First, Ukraine. The pro-Russia separatists are doing badly, holding on to Donetsk and Luhansk for their dear lives. Pretty soon, Ukrainian President Petro Poroshenko is calling President Putin, who will soon have to bet raise, or fold. Now, I, like everyone with any interest in this matter, have my own set of plausible outcomes in their order of likelihood. I won’t inflict my thoughts about that on you since my understanding of the region is largely derivative. However, I noticed a detail in the news that appears to be a crucial piece of the answer to the question: How did the rag-tag, poorly-equipped Ukraine military grow a spine and then some? I mean, it was just a few months ago that they’d caved in Crimea, and proceeded to yield to the pro-Russia separatists elsewhere in southeast Ukraine without putting up a fight of any kind. Did air cover turn the trick? Maybe replacing local conscripts with soldiers from the west really helped. Is Porochenko actually Tony Stark after a facelift? Perhaps all of these things helped, but there was no way to sure, since the media was not giving me any clues. But then, NYT provided a great hint in “Ukraine Strategy Bets on Restraint by Russia” (9 Aug. 2014), in which Andrew E. Kramer writes:
“The fighting for Donetsk has taken on a lethal pattern: The regular army bombards separatist positions from afar, followed by chaotic, violent assaults by some of the half-dozen or so paramilitary groups surrounding Donetsk who are willing to plunge into urban combat.”
The Ukrainian military didn’t get any stronger, they just called in their own paramilitary.
This may have some immediate consequences, for Kramer goes on to say:
“Officials in Kiev say the militias and the army coordinate their actions, but the militias, which count about 7,000 fighters, are angry and, at times, uncontrollable. One known as Azov, which took over the village of Marinka, flies a neo-Nazi symbol resembling a Swastika as its flag.
“In pressing their advance, the fighters took their orders from a local army commander, rather than from Kiev. In the video of the attack, no restraint was evident. Gesturing toward a suspected pro-Russian position, one soldier screamed, ‘The bastards are right there!’ Then he opened fire.”

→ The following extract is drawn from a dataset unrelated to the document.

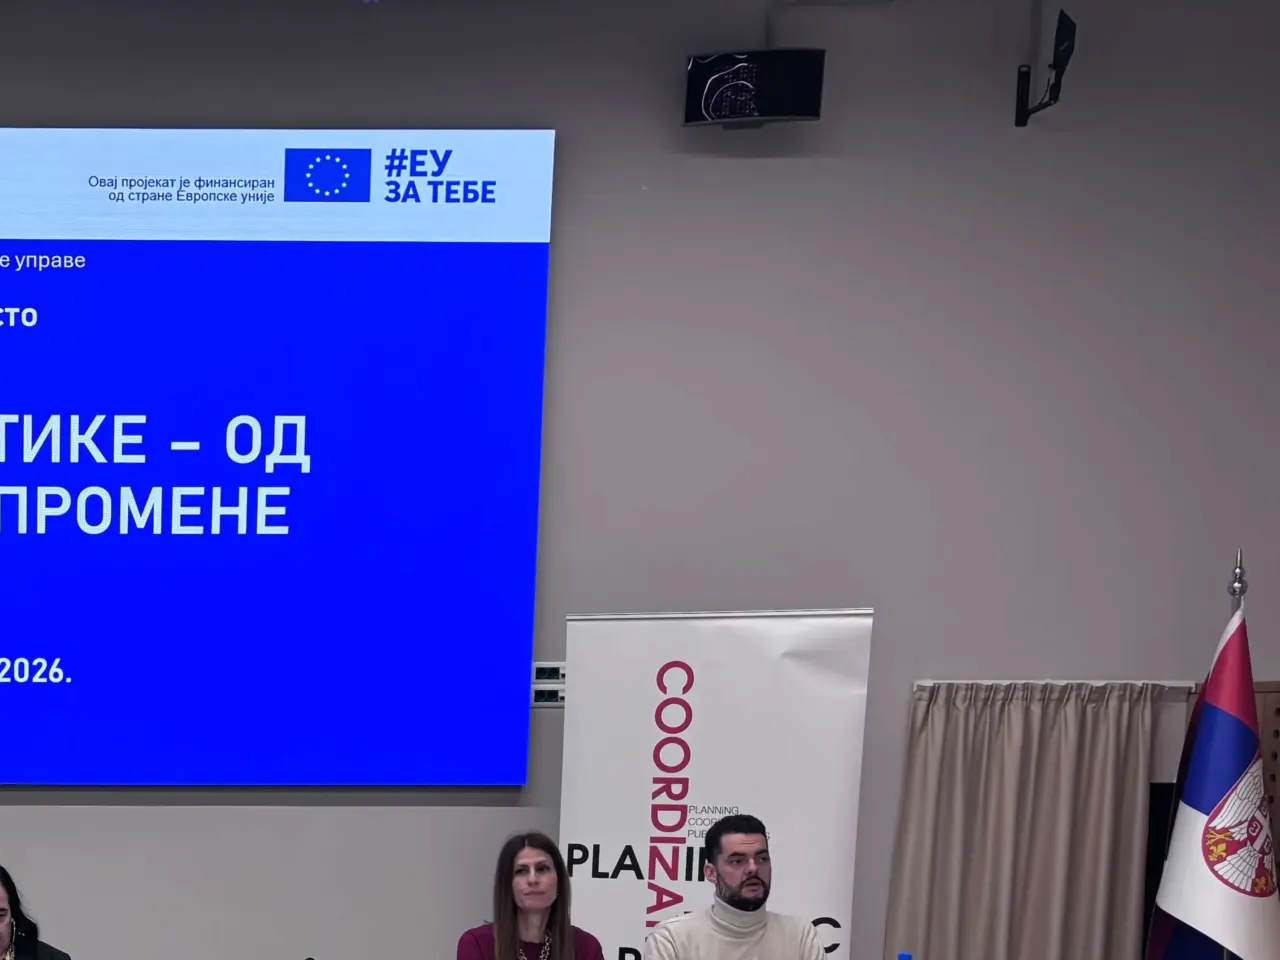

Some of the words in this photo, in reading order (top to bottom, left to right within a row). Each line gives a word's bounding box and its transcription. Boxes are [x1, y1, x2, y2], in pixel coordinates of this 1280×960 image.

The paramilitary harbors potential for battlefield atrocities depending on the severity of the endgame, assuming there is one. But it could be of more than passing importance regardless of the outcome or the process in getting there, for it will have proven itself to be by far the most powerful group man-for-man of fighters in the land. What ambitious politician would not want it to have his/her back in the post-conflict political landscape—assuming that it cannot be easily disbanded, once the hurly-burly is done? It is likely that a disproportionate number of these fighters owe their loyalty to the more radical elements in the Maidan takeover that wound up with Yanukovich absconding the country, elements who will be making demands for a place in the post-conflict political landscape that Porochenko and the rest of the mainstream politicians will ignore at their peril.
Outlook? Somewhere between the Taliban and the French resistance.